Concept Tested: Master Data Management
3. Data lineage describes:¶
- The genealogy of the database vendor
- The age of the data center hardware
- The traceable origin and transformation history of data — where it came from, how it was processed, and where it flowed
- The number of users authorized to read a table
Show Answer
The correct answer is C. Data lineage tracks the path data takes from source through every transformation to consumption. Lineage is essential for impact analysis (what breaks if I change this column?), for regulatory compliance (where did this number come from?), and for trust in analytics. Tools like OpenLineage, Apache Atlas, and commercial catalogs surface lineage automatically.
Concept Tested: Data Lineage
4. A data catalog primarily exists to:¶
- Replace the relational database with a NoSQL store
- Encrypt sensitive columns
- Enforce ACID transactions across services
- Provide a searchable inventory of data assets with descriptions, owners, lineage, and quality metrics so users can find and understand data
Show Answer
The correct answer is D. A data catalog (Alation, Collibra, Atlan, Microsoft Purview) is the searchable index of data assets — what tables exist, who owns them, what each column means, where it came from, and whether it is trustworthy. Without a catalog, data consumers spend most of their time hunting for data instead of using it. The other options describe unrelated functions.
Concept Tested: Data Catalog
5. The DAMA-DMBOK is best described as:¶
- A specific software product for data quality
- A body of knowledge that organizes data management into knowledge areas like governance, quality, modeling, and security
- A regulatory law for personal data
- A vendor's proprietary architecture
Show Answer
The correct answer is B. DAMA-DMBOK (Data Management Body of Knowledge), maintained by DAMA International, organizes the data-management discipline into knowledge areas — governance, architecture, modeling, storage, security, integration, master data, warehousing, metadata, quality. It is to data management what PMBOK is to project management — a vendor-neutral reference shared across the profession.

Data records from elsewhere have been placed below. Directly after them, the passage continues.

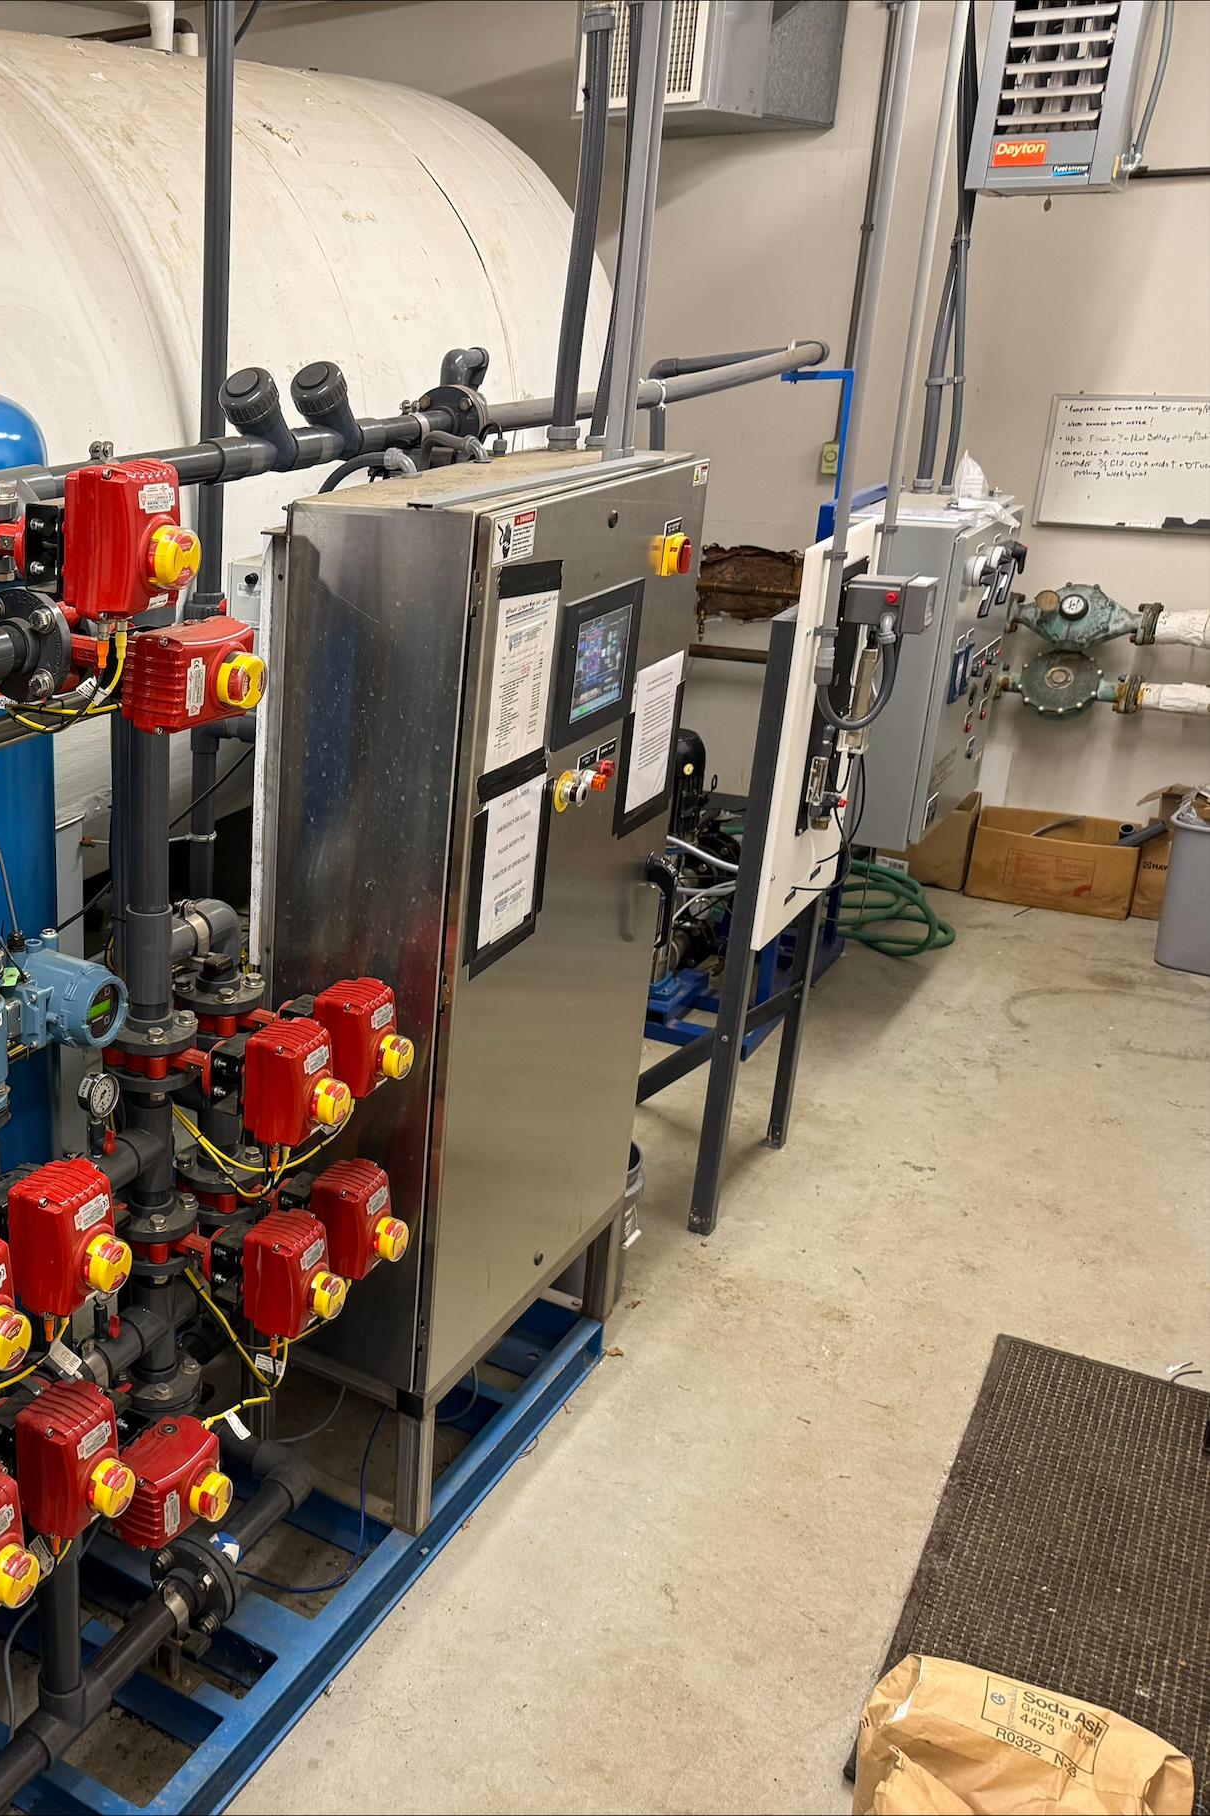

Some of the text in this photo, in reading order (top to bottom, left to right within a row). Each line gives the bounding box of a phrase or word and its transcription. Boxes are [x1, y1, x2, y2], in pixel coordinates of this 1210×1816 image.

[996, 143, 1045, 157] Dayton
[1019, 1713, 1056, 1736] 4473
[1021, 1702, 1055, 1723] Grade
[1059, 1719, 1078, 1734] 100
[1023, 1690, 1070, 1720] Soda
[1074, 1711, 1103, 1738] Ash
[995, 1726, 1043, 1757] R0322
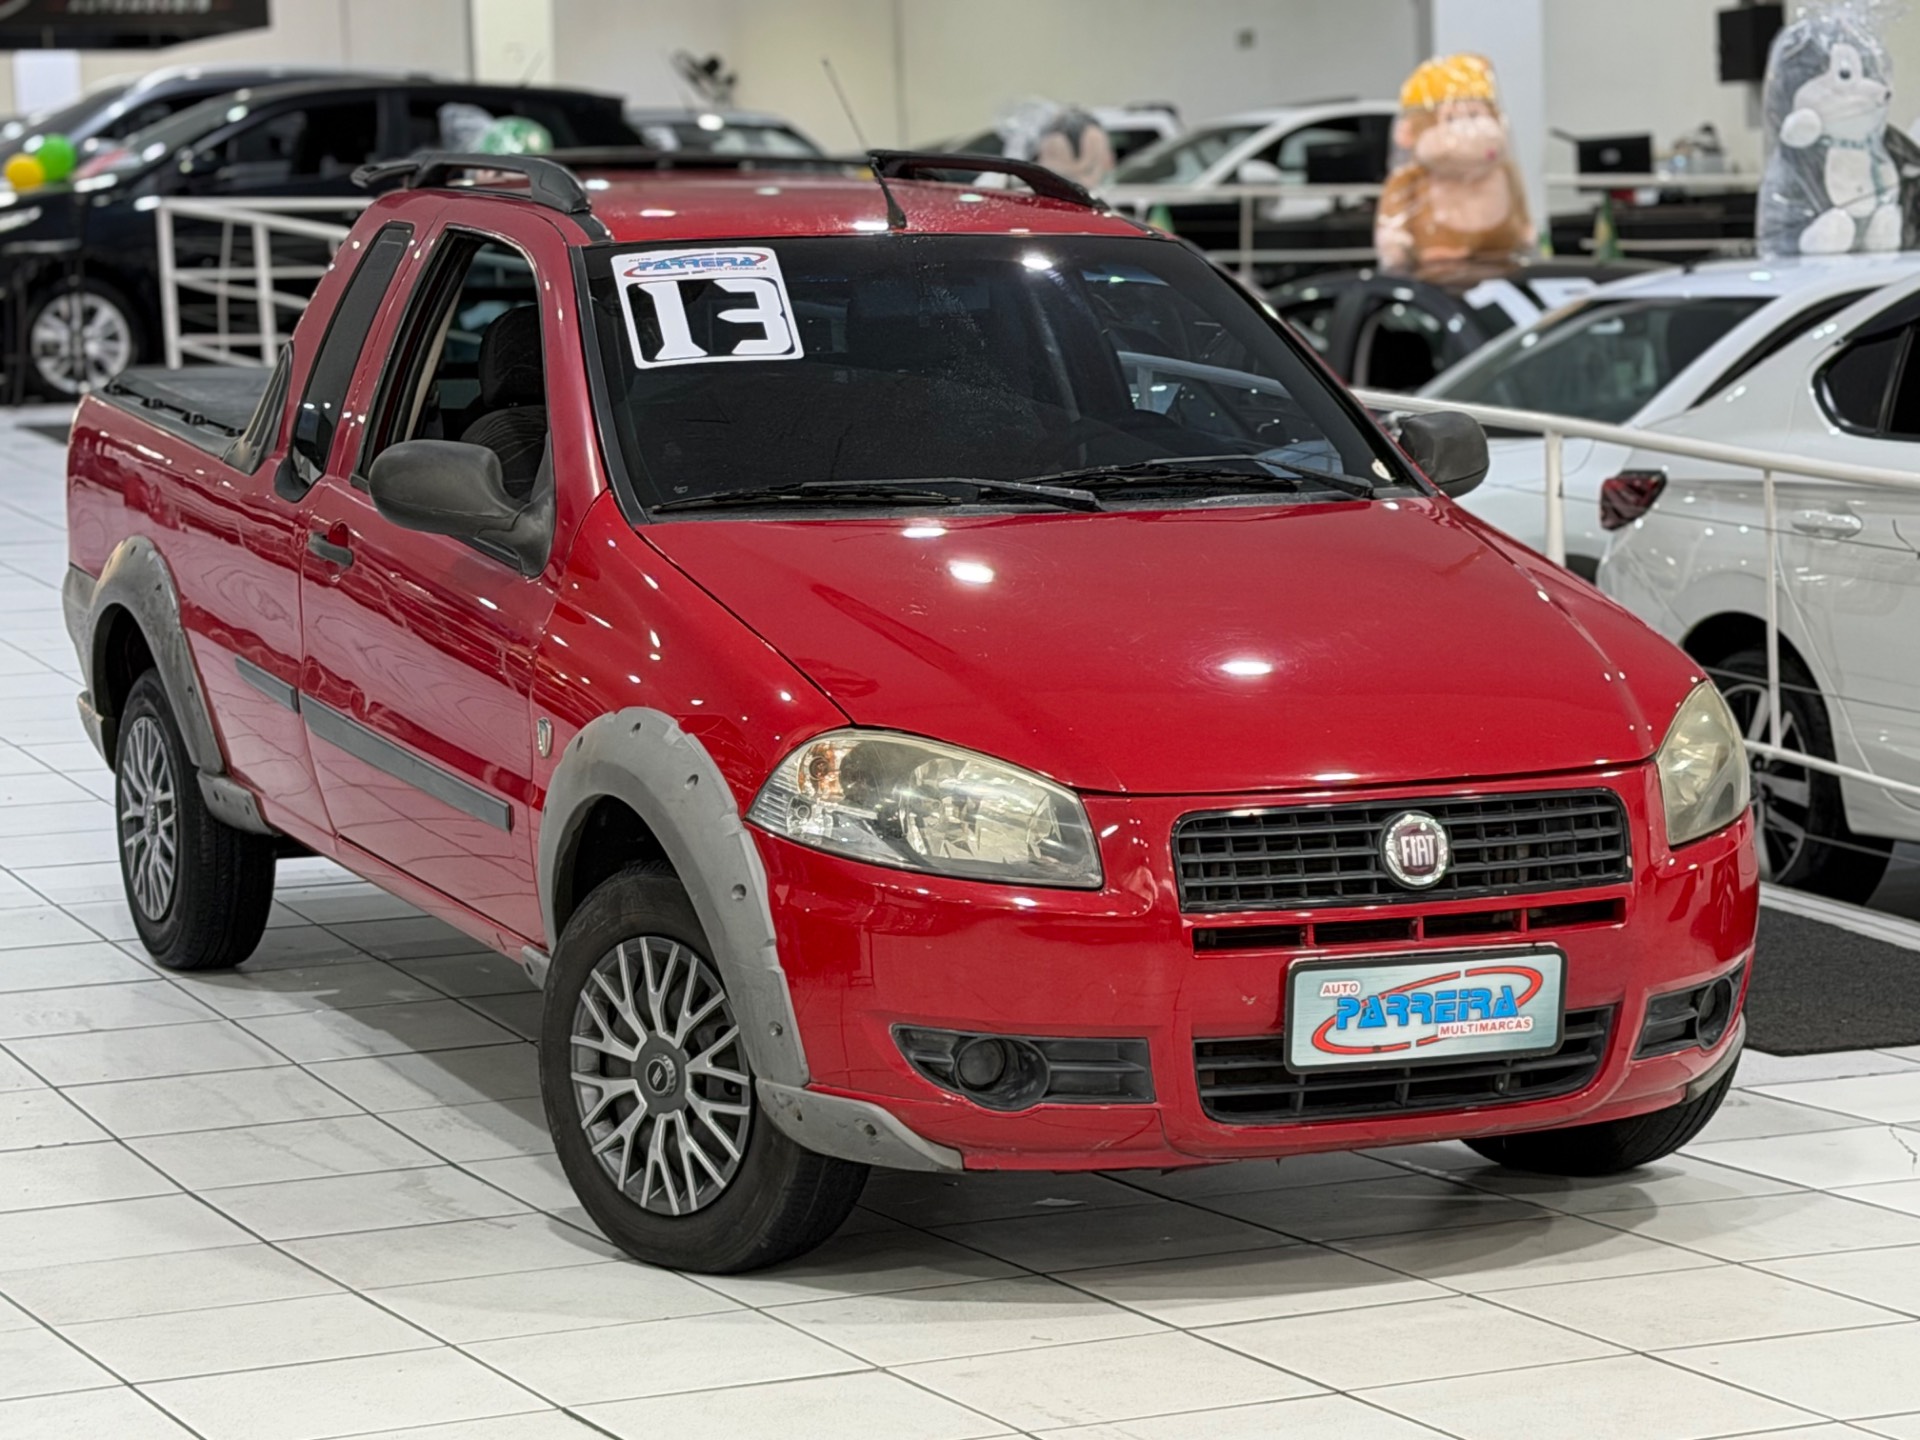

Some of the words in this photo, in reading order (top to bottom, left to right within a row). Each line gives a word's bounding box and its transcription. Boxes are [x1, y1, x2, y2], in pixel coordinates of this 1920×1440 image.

Concept Tested: DAMA DMBOK
6. Data mesh is best characterized as:¶
- A specific cloud product offered by AWS
- A federation of domain-owned data products with a shared self-serve platform and federated governance
- A strict centralization of all data into one team
- A new programming language for ETL pipelines
Show Answer
The correct answer is B. Data mesh, articulated by Zhamak Dehghani, decentralizes data ownership to the business domains that produce it, treats datasets as products with their own SLAs, and federates governance across domains while providing a shared self-serve platform. It is an organizational pattern as much as a technical one, and is a reaction to the bottlenecks of centralized data teams.
Concept Tested: Data Mesh
7. A data contract between an upstream service and downstream consumers typically specifies:¶
- The schema, semantics, freshness, quality, and change-management commitments for a dataset
- The number of CPUs allocated to the database
- The vendor's billing terms
- The encryption algorithm at rest
Show Answer
The correct answer is A. A data contract makes the producer's commitments explicit and machine-checkable: schema, semantic definitions, freshness SLAs, quality thresholds, and rules for how breaking changes will be communicated. Contracts let downstream consumers depend on data with confidence and shift the conversation about breakage from "who owns this?" to "did the producer meet the contract?"
Concept Tested: Data Contract
8. A producer team renames a column from cust_id to customer_id in a dataset that is consumed by twelve downstream pipelines, breaking all of them silently. Analyzing this incident, what is the underlying problem?¶
- The producer team needs more developers
- The consumers should have used a different programming language
- The dataset lacked schema-evolution discipline — breaking changes need versioning, deprecation periods, and contract tests
- The data should have been encrypted
Show Answer
The correct answer is C. Schema evolution is the discipline of changing data schemas without breaking consumers. Renaming a column is a breaking change and requires either a versioned dataset, a deprecation period (publish both column names temporarily), or a coordinated migration. Contract tests in CI catch breakage before it ships. The other options miss the structural issue.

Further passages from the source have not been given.